Thursday, February 5th, 2009

Zemanta, a very useful utility that makes blog posts easier to write, is now setting its sights on Web e-mail. Its browser plug-in, which works with both Firefox and Internet Explorer, has been updated to do the same thing in both Gmail and Yahoo’s Web mail.

Once installed, you just hit a button in your Web mail client and the tool goes through what you’re written for related links and content worth adding. It’s very fast at doing this, even if your message is on the long side. In my case, a three paragraph e-mail took less than five seconds to be processed, and Zemanta came up with ten different suggested links that could be automatically added to my message.

The images that you can insert into your e-mails come from various places, but I found the most helpful option to be Flickr.
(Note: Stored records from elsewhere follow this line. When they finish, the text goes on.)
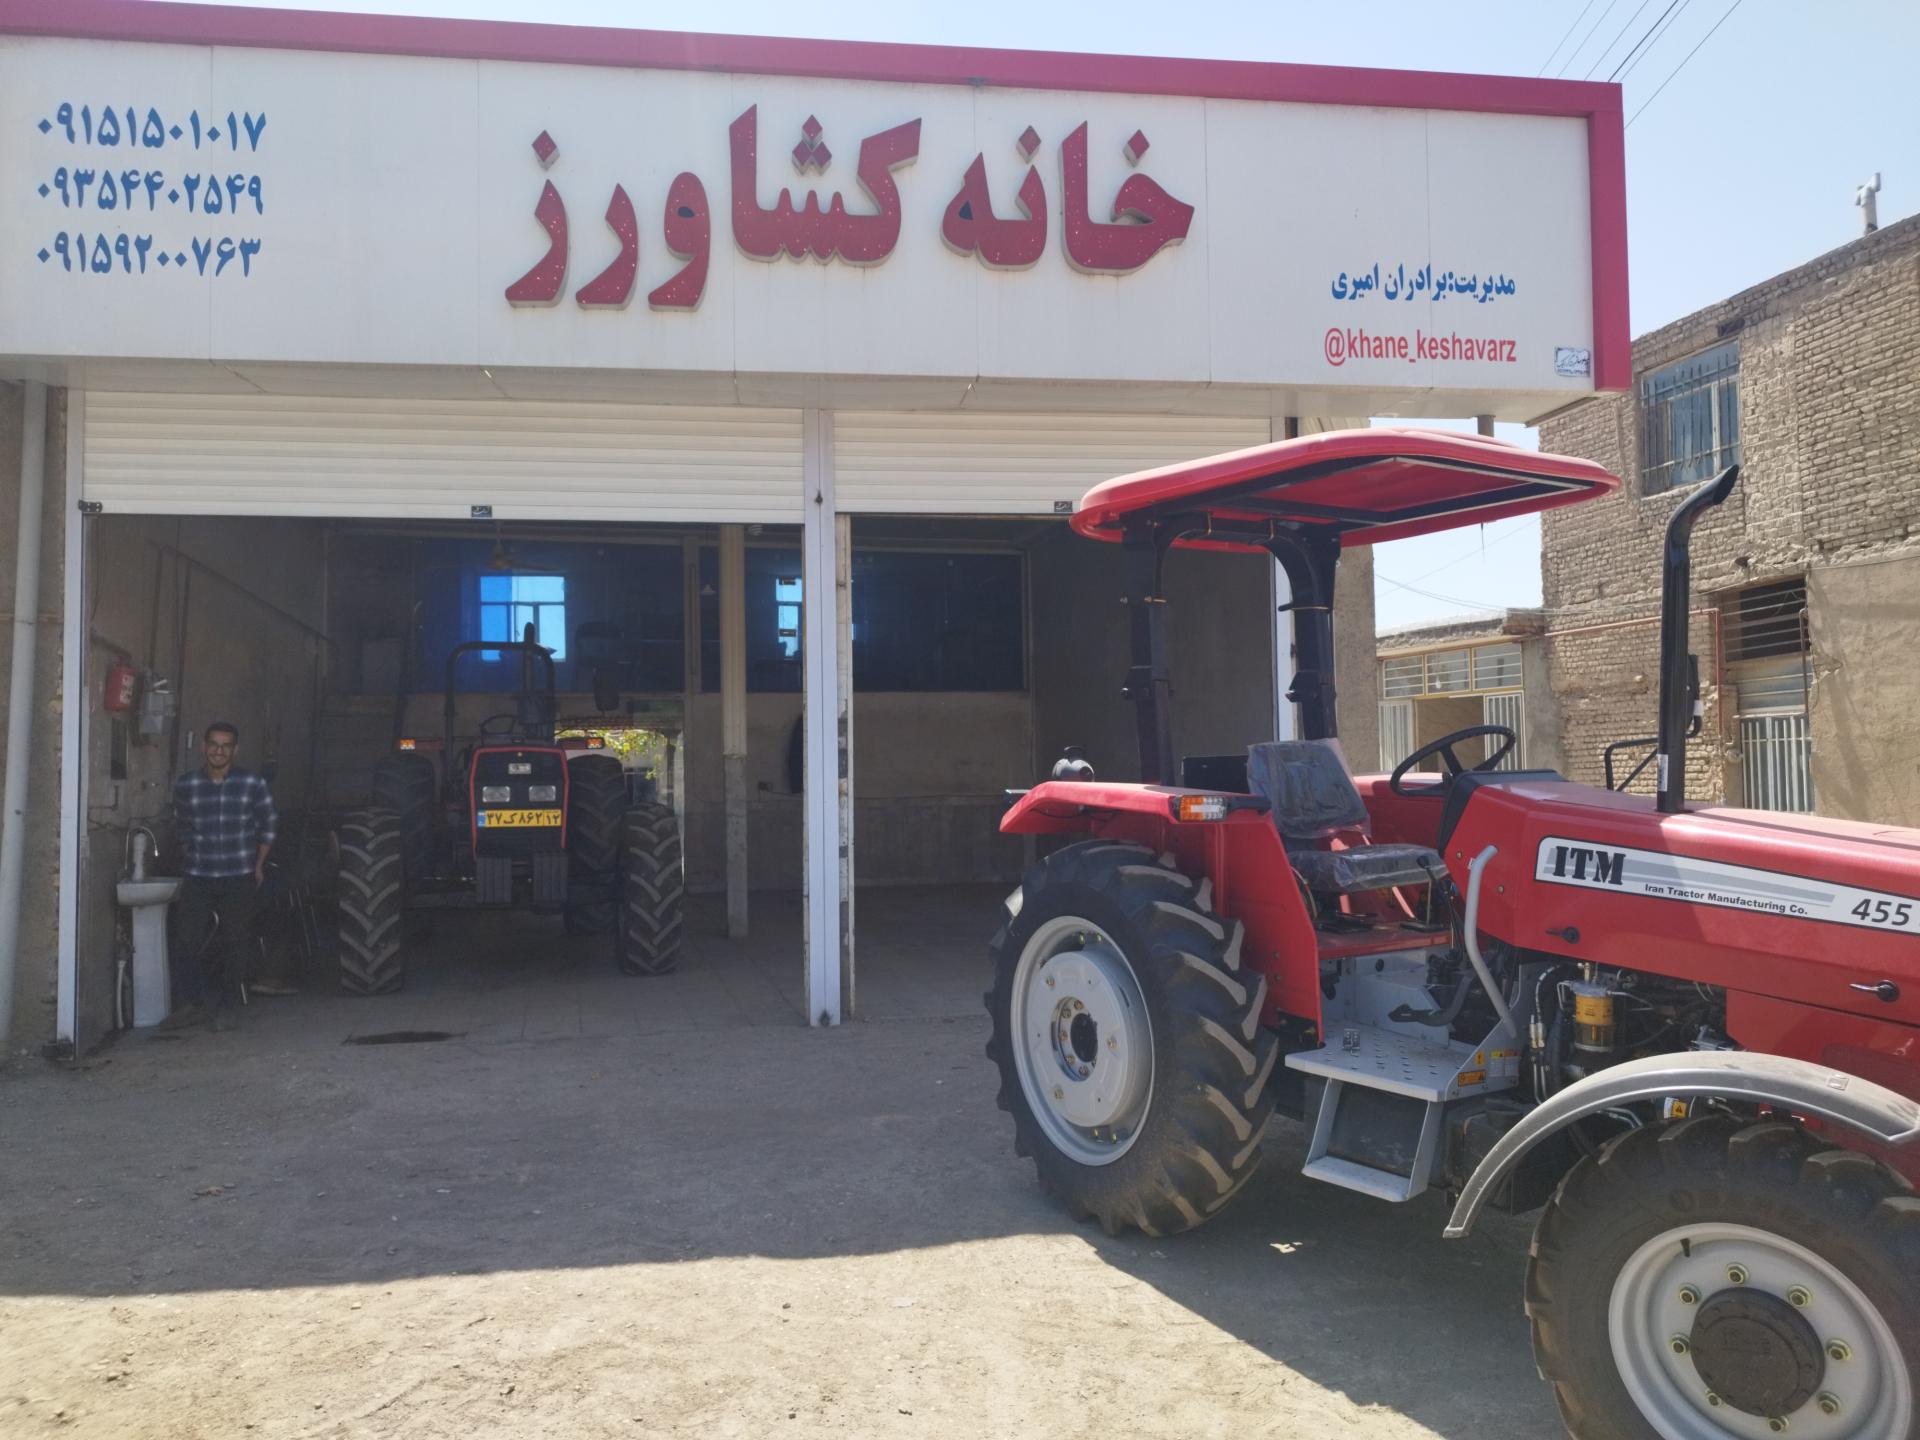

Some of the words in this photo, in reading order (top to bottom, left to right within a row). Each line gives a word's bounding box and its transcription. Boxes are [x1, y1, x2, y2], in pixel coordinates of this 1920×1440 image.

[37, 102, 267, 152] ۰۹۱۵۱۵۰۱۰۱۷
[37, 166, 264, 215] ۰۹۳۵۴۴۰۲۵۴۹
[504, 103, 922, 312] کشاورز
[940, 121, 1195, 276] خانه
[37, 231, 261, 277] ۰۹۱۵۹۲۰۰۷۶۳
[1331, 262, 1380, 301] امیری
[1324, 327, 1517, 367] @khane_keshavarz
[1553, 845, 1626, 885] ITM
[1645, 883, 1664, 894] Iran
[1668, 886, 1705, 900] Tractor
[1708, 892, 1786, 913] Manufacturing
[1789, 904, 1808, 915] Co.
[1851, 898, 1912, 926] 455
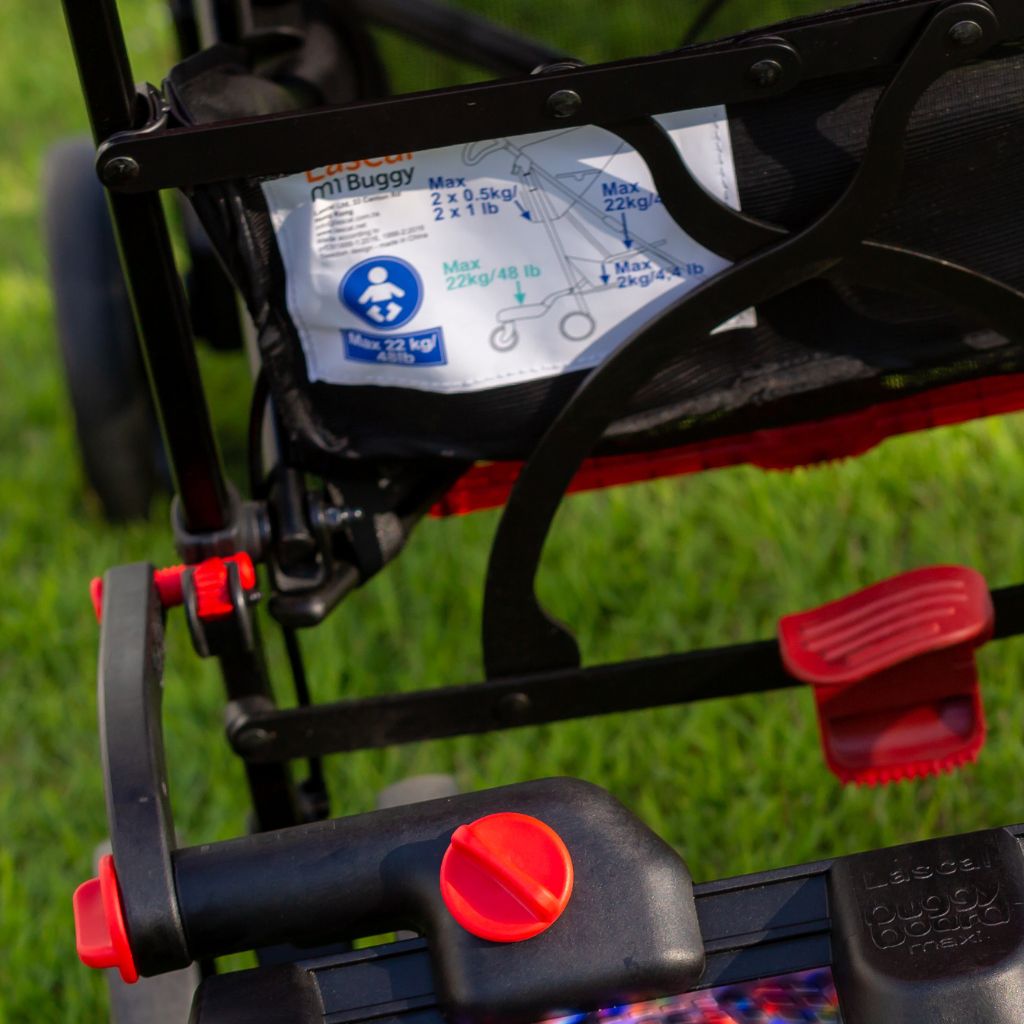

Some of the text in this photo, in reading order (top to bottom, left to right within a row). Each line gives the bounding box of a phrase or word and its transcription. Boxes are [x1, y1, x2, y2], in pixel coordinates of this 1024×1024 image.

[346, 166, 415, 192] Buggy
[428, 176, 466, 190] Max
[431, 185, 518, 206] 2 x 0.5kg/
[602, 182, 640, 197] Max
[433, 202, 500, 221] 2 x 1 lb
[442, 259, 480, 276] Max
[523, 264, 541, 278] lb
[614, 261, 651, 274] Max
[686, 262, 704, 275] lb
[384, 338, 406, 351] 22
You can plug in your user name and it goes through any shots you’ve taken (assuming you’ve named them) and lets you easily insert them. For instance, in my e-mail I had referenced going to the de Young museum in San Fransisco, and it pulled up both photos from the Web and my Flickr shots from the weekend in question.

I look at this as a fantastic way to make e-mails to friends and family a little more accessible. If you don’t feel like going back after writing to plug in links for things that might need explaining, there’s a good chance the tool has already prepared them for you.

Here’s a demo of how it works in Gmail. There’s also a video of it working in Yahoo mail after the break.

Zemanta on Gmail from zemanta on Vimeo.

Zemanta on Yahoo! Mail from zemanta on Vimeo.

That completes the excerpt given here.